Forbes once called it  “far and away, the most advantageous social networking tool available to job seekers and business professionals today.”

But enough with all the glitz and glamour. What does the data say? Perfect data is a little hard to find, as LinkedIn hasn’t traditionally published much about hiring statistics. Let’s parse through what we can:

-Back in 2010, a report was released that found that 50% of Fortune 500 Companies use LinkedIn.

-LinkedIn gets almost six times the number of job views than Twitter, and almost 12 times that of Facebook. LinkedIn also gets more than 8 times the job applications than Facebook, and 3 times more than Twitter.

Roughly half of LinkedIn users have anywhere from 0 to 500 1st degree connections, but the average LinkedIn recruiter has around 616, and 28% of LinkedIn recruiters have over a thousand connections!

-Of recruiters who use social networks to find potential employees, 48% use only LinkedIn, but only 1% solely use Facebook or Twitter.

-Potential growth is also a factor in networking. To double one’s network on Twitter, it takes only 2.7 months, or roughly 81 days.For LinkedIn, 7.6 months. For Facebook, a whopping 33.9 months (or just under three years).

– Traditionally, the most successful job postings and hirings seem to be sales. As of August 2011, there were about 6.1 million active members on LinkedIn who identified as working in sales. Academics, administrators, engineers, and IT specialists trail in the 4 to 5 million range.

-LinkedIn does have a number of immediately obvious advantages over Facebook and Twitter; namely, no teenage-angst, there’s little spam (as users are trying to create a likable persona), no vague relationship statuses, no birthdays to remember, changes to the user interface are fluid and appealing, but, most importantly, no Pokes.

-It also would appear to lend itself very well to the newest generation of job hunters: us.

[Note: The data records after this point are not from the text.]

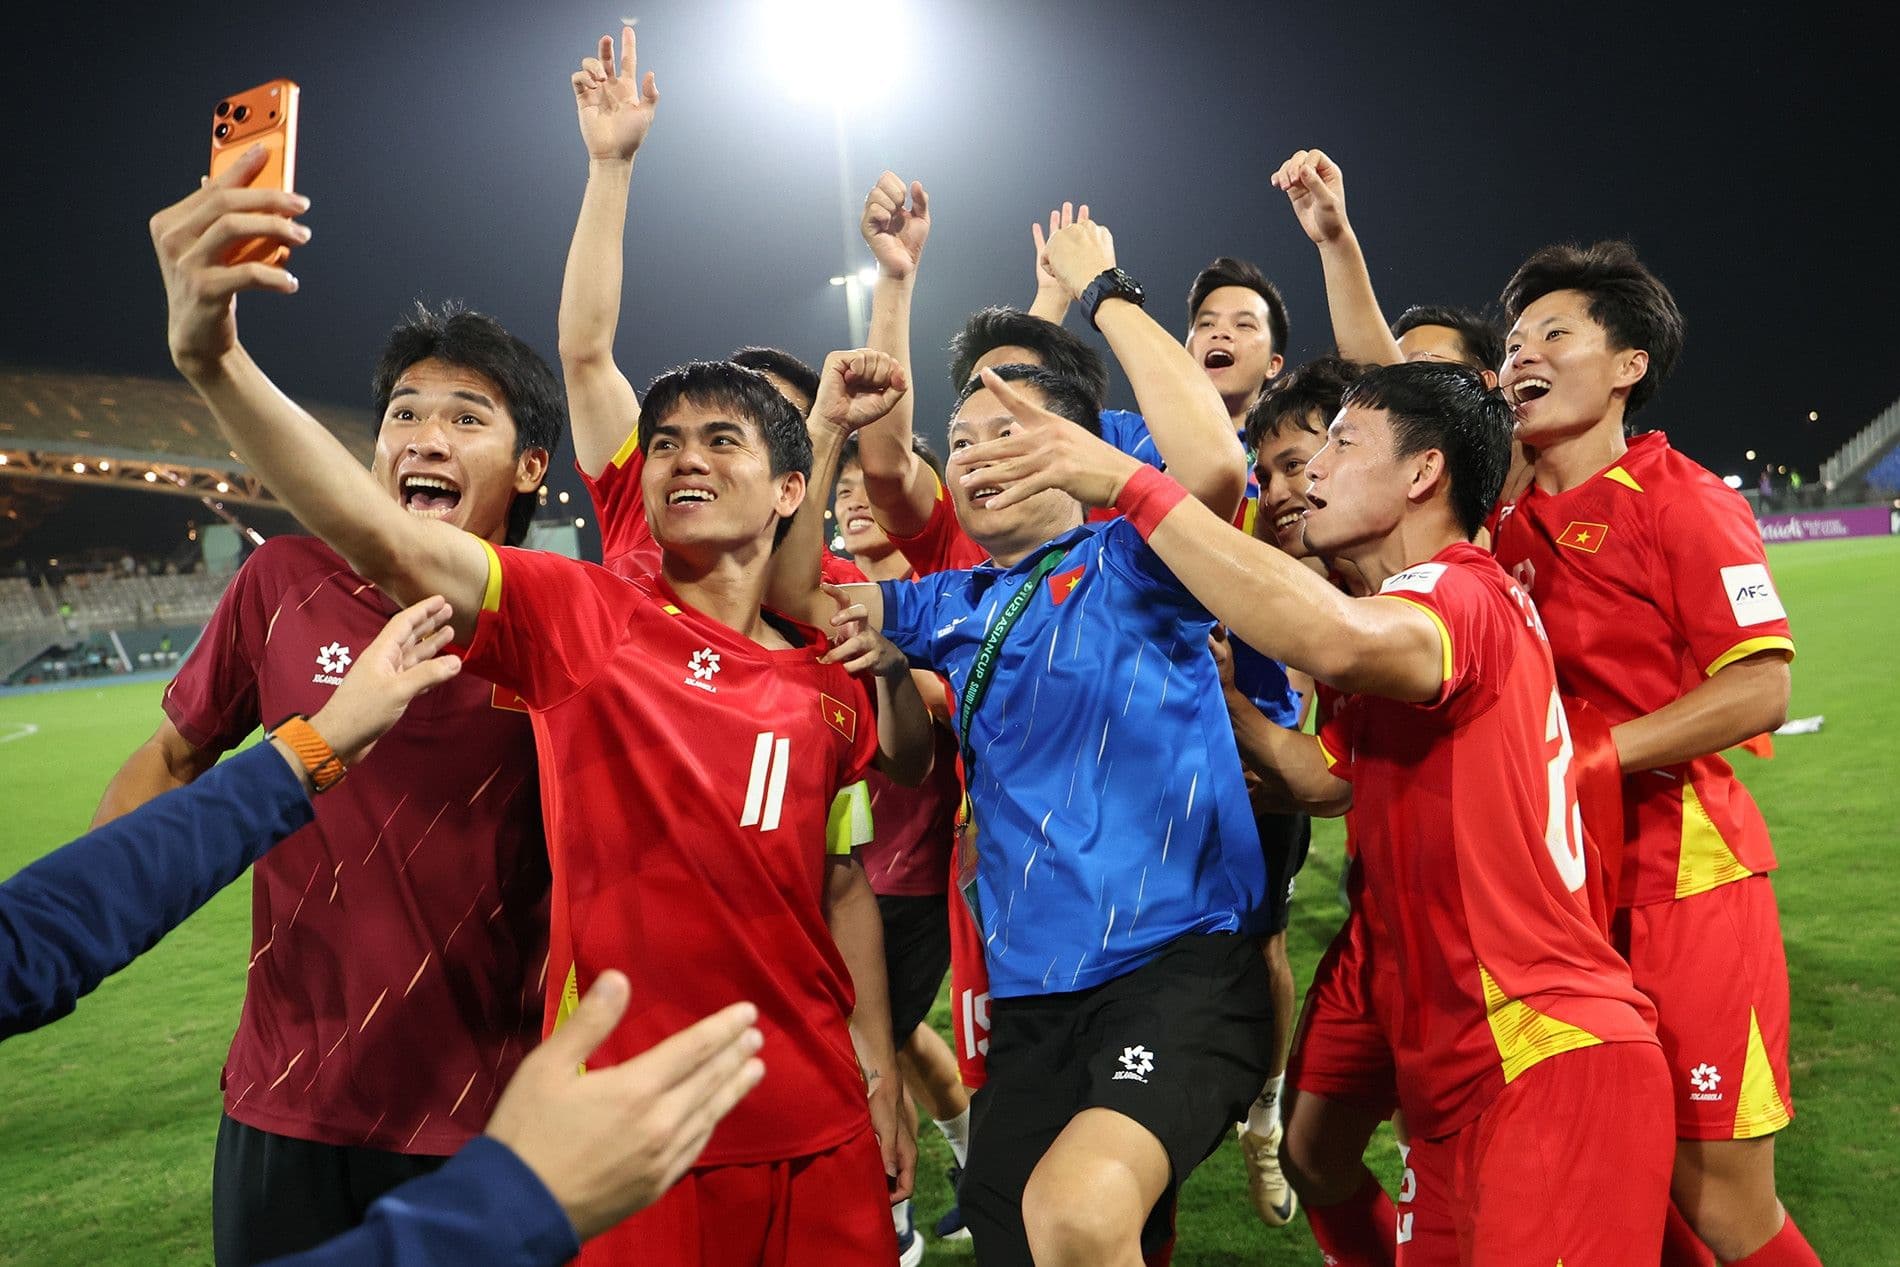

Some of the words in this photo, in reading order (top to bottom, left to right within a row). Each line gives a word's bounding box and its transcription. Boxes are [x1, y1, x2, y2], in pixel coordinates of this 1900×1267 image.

[1389, 571, 1433, 585] AFC
[1735, 584, 1769, 601] AFC
[1005, 596, 1024, 617] U23
[740, 731, 790, 832] 11
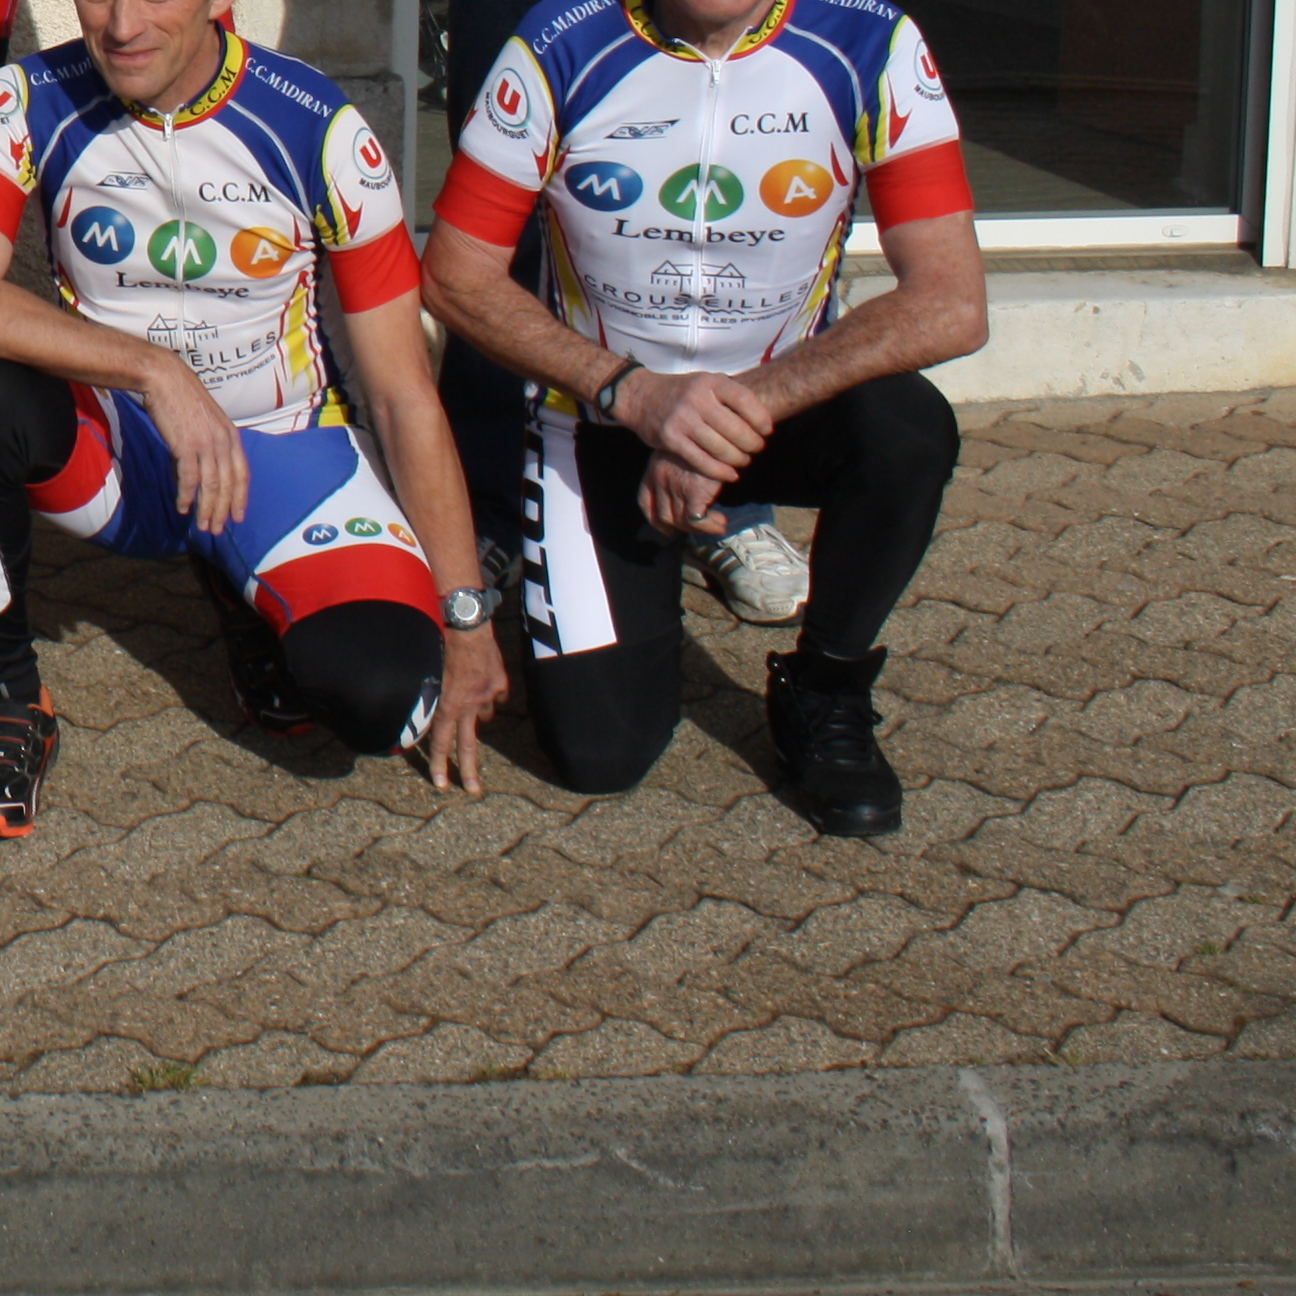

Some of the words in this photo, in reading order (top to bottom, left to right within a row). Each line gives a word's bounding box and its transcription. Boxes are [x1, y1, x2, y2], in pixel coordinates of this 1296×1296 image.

[188, 68, 237, 116] C.C.M
[245, 55, 333, 119] C.C.MADIRAN
[495, 78, 522, 116] U
[729, 111, 809, 135] C.C.M
[360, 137, 383, 168] U
[198, 180, 273, 203] C.C.M
[612, 218, 786, 245] Lembeye
[583, 272, 809, 309] CROUSEILLES

Having grown up with social networking as much a part of our lives as the duck and cover method was to the Baby Boomers. Sure, for every suave, future New Yorker columnist, there are half a dozen duck-facers, but growing up with “the game” from AOL Instant Messenger to Google Plus, but we seem to have a distinct advantage over the previous generation. As we mature, we learn how to conduct ourselves in the “real world,” but we also draw upon what we have learned.